Files
2025-11-30 21:19:04 +09:00

6.2 KiB

System-Level I/O

IO is the process of coping data between the main memory and external devices.

In a Linux, file is a sequence of m bytes.

All I/O devices are represented as files. Even the kernel is represented as a file.

Unix IO

  • open and close
  • read and write
  • lseek changing current file position

File Types

  • Regular files
  • Directory
  • Socket
  • ...

Regular Files

A regular file contains arbitary data.

For example text file is a sequence of text lines. EOL is different in different OS: (\n in Unix, \r\n in Windows & Internet).

Directories

Directory contains an array of links. Least two links are .(itself) and ..(parent dir).

  • ls
  • mkdir
  • rmdir

All files are orgnaized as a hierarchy anchored by root dir named /.

Kernel maintains curr working dir (cwd) for each process that modified using the cd command.

Path names

  • Absolute /home/yenru0/workspace
  • Relative ../workspace

Open & Close & Read & Write

int fd;

if ((fd = open("file.txt", O_RDONLY)) < 0) {
    perror("open");
    exit(1);
}
  • open returns a non-negative integer called file descriptor (fd).
    • fd == -1 indicates an error.
    • 0: stdin, 1: stdout, 2: stderr
int fd; int ret;
if ((ret = close(fd)) < 0) {
    perror("close");
    exit(1);
}

Closing an already closed can lead to a disastrous situation in threaded programs. So always check the return code.

char buf[512];

nbytes = read(fd, buf, sizeof(buf));

ssize_t read(int fd, void *usrbuf, size_t n);

read returns the number of bytes read from the fd into buf. ssize_t is signed version of size_t.

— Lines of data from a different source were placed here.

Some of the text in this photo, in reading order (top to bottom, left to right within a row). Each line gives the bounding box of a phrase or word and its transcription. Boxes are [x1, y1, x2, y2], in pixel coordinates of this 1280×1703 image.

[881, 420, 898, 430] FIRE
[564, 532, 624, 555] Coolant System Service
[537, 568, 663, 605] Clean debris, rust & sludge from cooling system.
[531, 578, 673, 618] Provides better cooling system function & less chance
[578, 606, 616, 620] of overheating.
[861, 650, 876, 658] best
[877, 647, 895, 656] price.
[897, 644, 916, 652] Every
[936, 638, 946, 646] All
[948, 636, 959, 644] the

If read returns negative value, an error occurred.

ssize_t write(int fd, const void *usrbuf, size_t n);

If write returns negative value, an error occurred.

Short Counts

It means that read or write transfers fewer bytes than requested. It can occur in these situations:

  • EOF on reads
  • Reading text lines from an terminal
  • Reading from a network socket

Never occurs:

  • Reading from disk files (except for EOF)
  • Writing to disk files

RIO pakcage

RIO is a set of wrappers efficient and robust I/O functions subject to short couunts.

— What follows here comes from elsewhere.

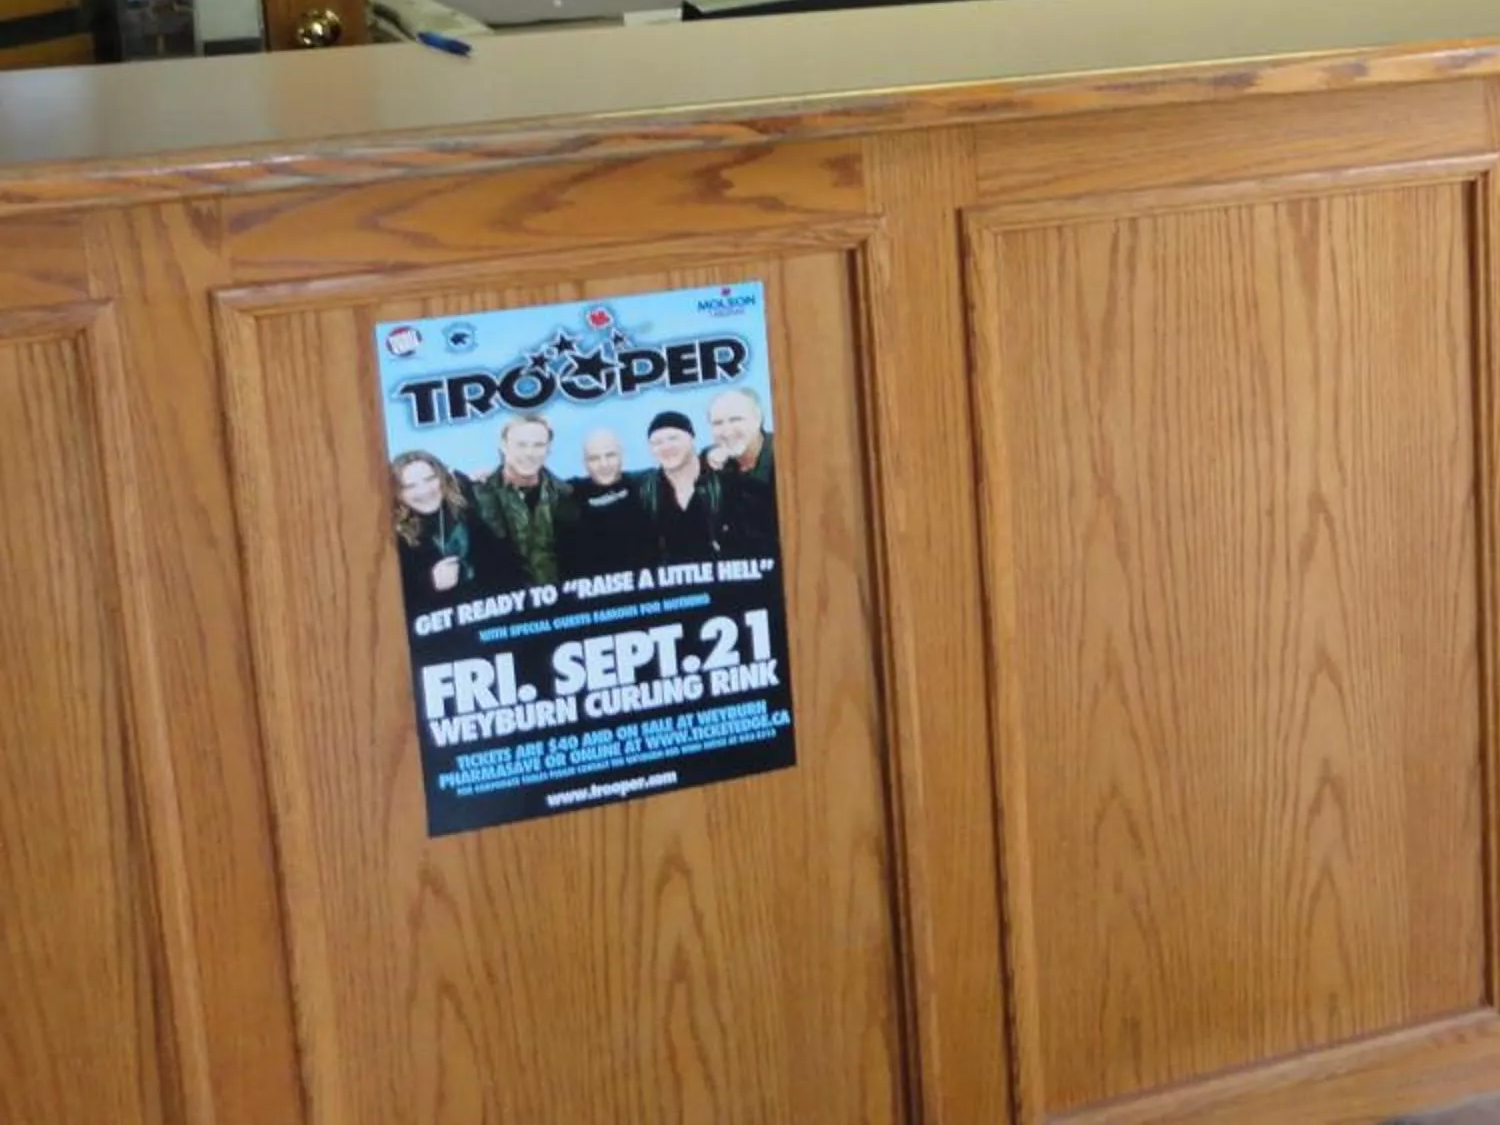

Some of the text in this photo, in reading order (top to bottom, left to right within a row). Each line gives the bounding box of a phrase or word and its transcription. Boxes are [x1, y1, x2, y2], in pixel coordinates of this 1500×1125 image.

  • unbuffered RIO functions rio_readn, rio_writen
  • buffered RIO functions rio_readnb, rio_readlineb
    • buffered RIO functions are thread-safe and can be interleaved arbitrarily on the same descriptor.

Buffered RIO

To read efficiently from a file, RIO uses partially cached in an interal memory buffer. (rio_t structure)

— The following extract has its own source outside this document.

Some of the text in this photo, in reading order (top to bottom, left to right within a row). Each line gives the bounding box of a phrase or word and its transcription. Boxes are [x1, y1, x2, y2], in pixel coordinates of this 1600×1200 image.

For reading from file, Buffer has buffered portion of already read and unread data. It is refilled automatically by rio_readnb and rio_readlineb as needed. This is partially cached.

typedef struct {
    int rio_fd;                // Descriptor for this internal buf
    int rio_cnt;               // Unread bytes in internal buf
    char *rio_bufptr;          // Next unread byte in internal buf
    char rio_buf[RIO_BUFSIZE]; // Internal buffer
} rio_t;

example:

int main(int argc, char **argv) {
    int n; rio_t rio; char buf[MAXLINE];
    rio_readinitb(&rio, STDIN_FILENO);
    while ((n = rio_readlineb(&rio, buf, MAXLINE)) != 0) {
        rio_writen(STDOUT_FILENO, buf, n);
    }
    exit(0);
}

Metadata

Metadata is data about data. (file access, file size, file type)

  • Per-process metadata
    • when a process opens a file, the kernel creates an entry in a per-process table called the file descriptor table
  • Per-file metadata
    • can be accessed using stat system call
struct stat {
    dev_t     st_dev;     // ID of device containing file
    ino_t     st_ino;     // inode number
    mode_t    st_mode;    // protection
    nlink_t   st_nlink;   // number of hard links
    uid_t     st_uid;     // user ID of owner
    gid_t     st_gid;     // group ID of owner
    dev_t     st_rdev;    // device ID (if special file)
    off_t     st_size;    // total size, in bytes
    blksize_t st_blksize; // blocksize for filesystem I/O
    blkcnt_t  st_blocks;  // number of 512B blocks allocated
    time_t    st_atime;   // time of last access
    time_t    st_mtime;   // time of last modification
    time_t    st_ctime;   // time of last status change
};

How to Kernel represents Open Files

  • Descriptor table(per-process)
  • Open file table(shared by all processes)
  • v-node table(shared by all processes)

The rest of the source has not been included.